AtSet5 was mapped to the Arabidopsis genome, and overlapping 20mers were joined together to
form 379 sequences with miRNA encoding potential. A single miRNA gene could be
represented by up to four of these potential miRNA sequences, representing the miRNA, the
miRNA*, the antisense miRNA, and the antisense miRNA*. After accounting for multiple
potential miRNAs mapping to a single locus, the 379 potential miRNAs represented 228
potential miRNA loci. These 228 loci were grouped into 118 families of potential miRNA loci
based on sequence similarity as determermined by blastn. Many of these newly identified
miRNA candidates had patterns of secondary structure conservation resembling those of
previously known plant miRNAs (Figure lb,c). For many of the miRNA loci corresponding to
previously reported miRNAs, the computationally identified sequences extended 1-9 nt on either
side of the cloned miRNAs, although in a few cases the actual miRNA overlapped with but
extended beyond the predicted sequence.
71
A refined procedure for predicting miRNA targets
We previously identified mRNAs containing ungapped, antisense matches to miRNAs with 0-3
mispairs (counting G:U pairs as mispairs) as probable miRNA targets (Rhoades et al., 2002).
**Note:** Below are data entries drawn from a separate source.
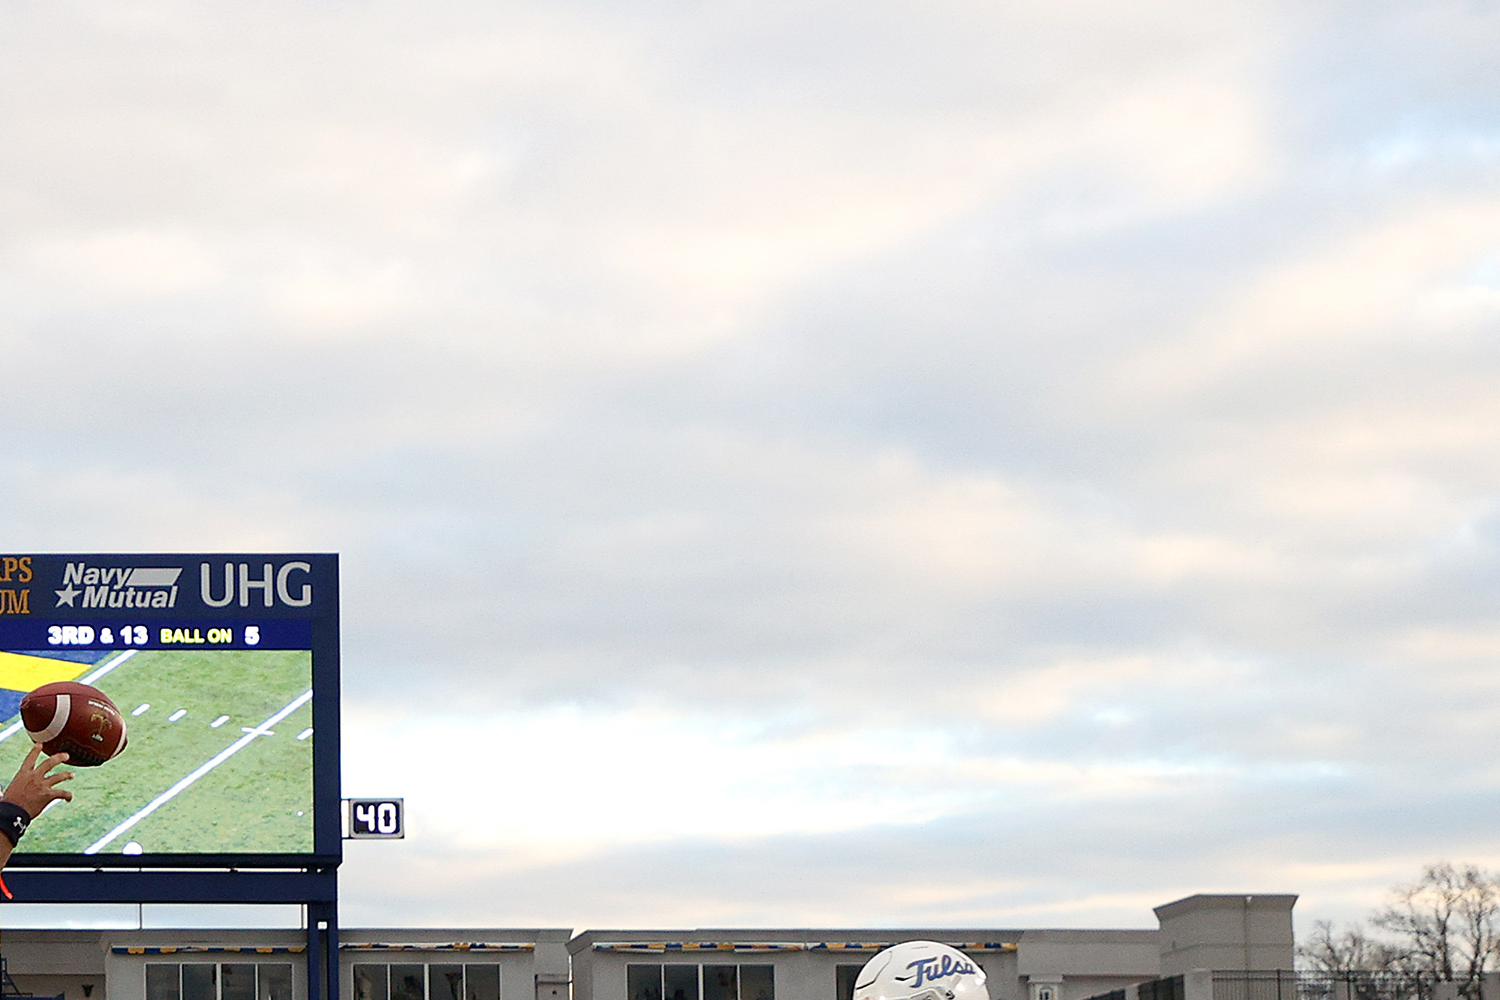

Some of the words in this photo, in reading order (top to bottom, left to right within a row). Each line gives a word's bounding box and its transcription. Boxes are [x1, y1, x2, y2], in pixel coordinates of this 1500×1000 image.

[63, 562, 133, 589] Navy
[200, 561, 312, 608] UHG
[82, 585, 179, 609] Mutual
[47, 625, 95, 645] 3RD
[100, 627, 115, 644] &
[119, 625, 149, 645] 13
[160, 628, 204, 644] BALL
[206, 628, 233, 644] ON
[244, 625, 261, 645] 5
[356, 802, 397, 833] 40
[906, 954, 976, 989] Tulsa
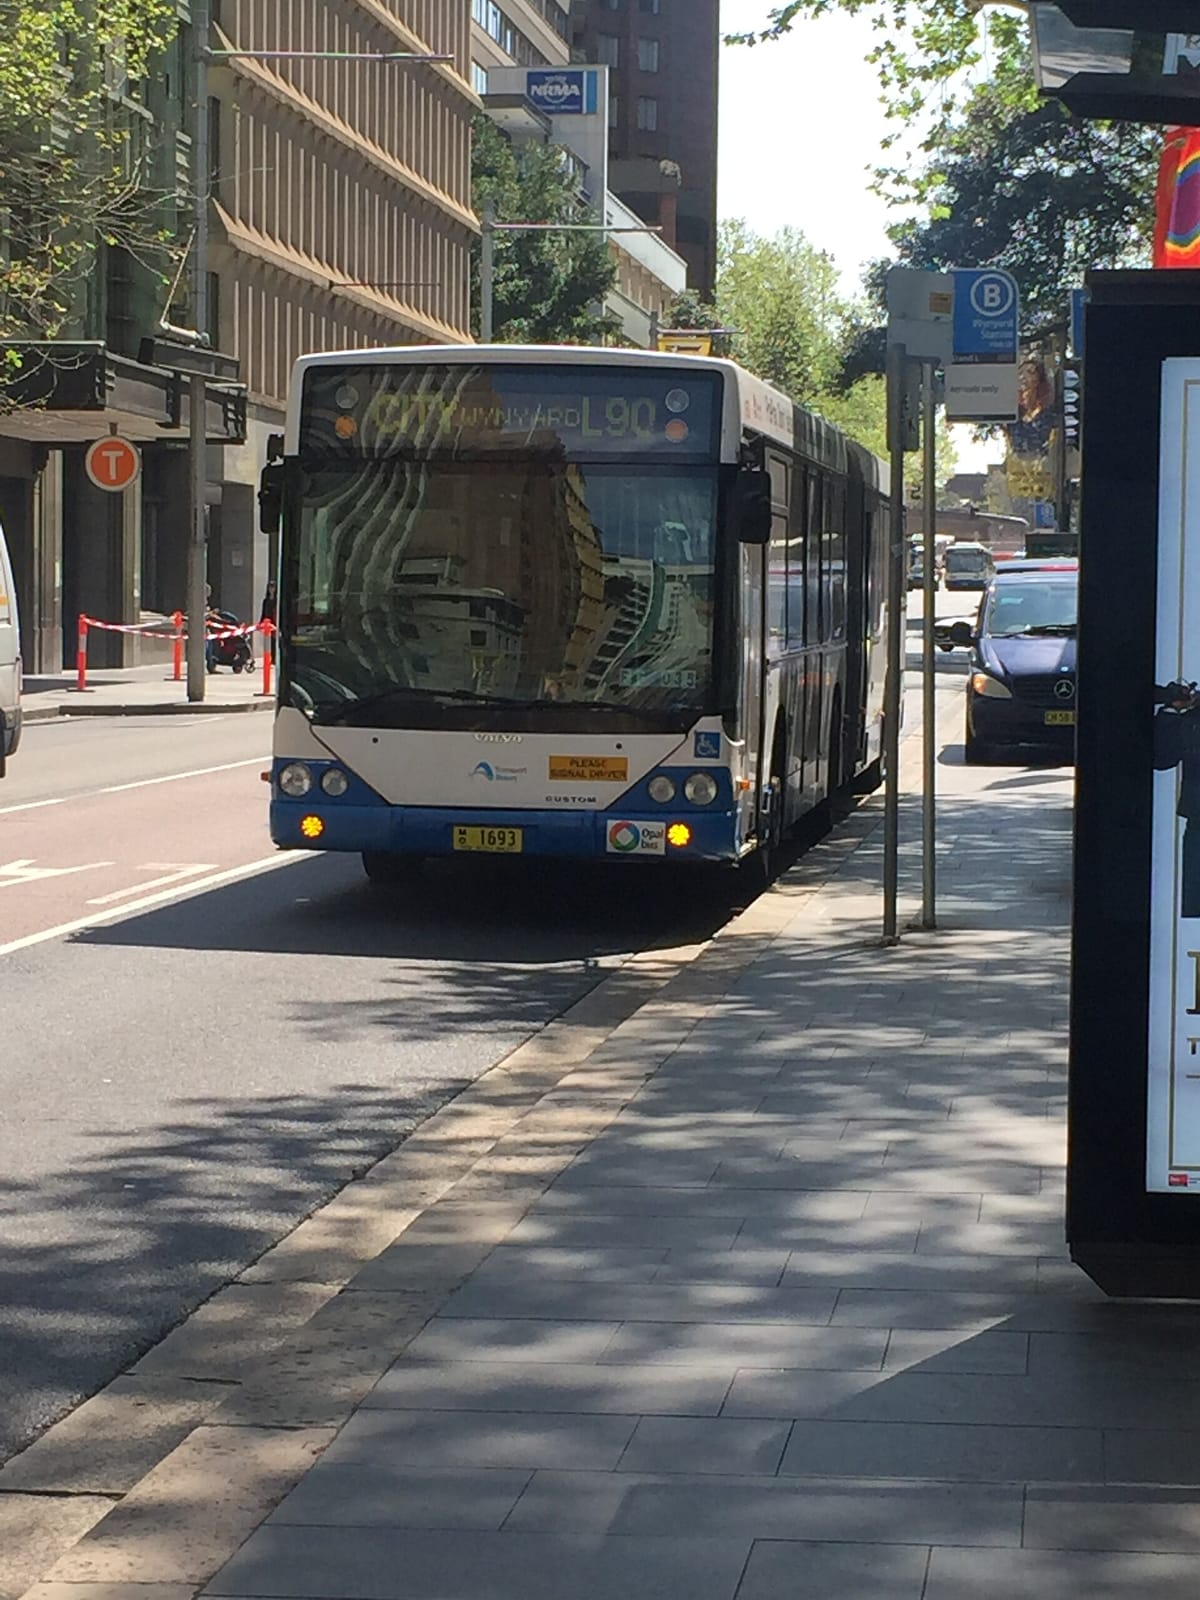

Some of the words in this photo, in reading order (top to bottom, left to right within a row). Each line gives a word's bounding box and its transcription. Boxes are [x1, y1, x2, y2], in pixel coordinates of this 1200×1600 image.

[531, 84, 580, 97] NRMA
[983, 283, 1001, 307] B
[370, 393, 458, 434] CITY
[460, 406, 581, 427] WYNYARD
[581, 395, 656, 438] L90
[102, 450, 124, 481] T
[473, 733, 524, 744] VOLVO
[569, 758, 607, 769] PLEASE
[550, 768, 587, 779] SIGNAL
[589, 769, 627, 779] DRIVER
[545, 795, 597, 803] CUSTOM
[481, 829, 516, 847] 1693
[641, 826, 665, 841] Opal
[641, 840, 658, 849] bus
Although the majority of validated plant miRNA targets are captured by this cutoff, there are
several authentic targets which are missed. For example, miR162 has a bulged nucleotide as it
basepairs to the mRNA of DCL1, and miR-JAW has 4-5 mispairs to the mRNAs of several TCP
transcription factors (Palatnik et al., 2003; Xie et al., 2003). In order to more thoroughly assess
the mRNA targeting potential of both known and predicted miRNAs, we developed a more
sensitive computational approach to identify target candidates. It allows for gaps and more
mismatches in the mRNA:miRNA duplex but requires that the miRNA complementarity be
conserved between homologous Arabidopsis and Oryza mRNAs. Each miRNA complementary
site was scored, with perfect matches given a score of 0, and points were added for each G:U
wobble (0.5 points), each non-G:U mismatch (1 point) and each bulged nucleotide in the miRNA
or target strand (2 points). To allow the same cutoffs to be applied more evenly to miRNAs of
different lengths and to avoid penalizing mismatches at the ends of longer miRNAs, those
miRNAs that were longer than 20 nt were broken into overlapping 20mers, with the
mRNA:miRNA pair receiving the score of the most favorable 20mer.
This scoring was tested using a set of 10 unrelated miRNAs that are highly conserved (0-1
substitutions) between Arabidopsis and Oryza (refset2, Table S1). As a control, we generated 5
cohorts of permuted miRNAs, in which each permuted miRNA has the same dinucleotide
composition as the corresponding miRNA in refset2. For all 20mers from the sets of real and
permuted miRNAs we searched for complementary sites in Arabidopsis and Oryza mRNAs.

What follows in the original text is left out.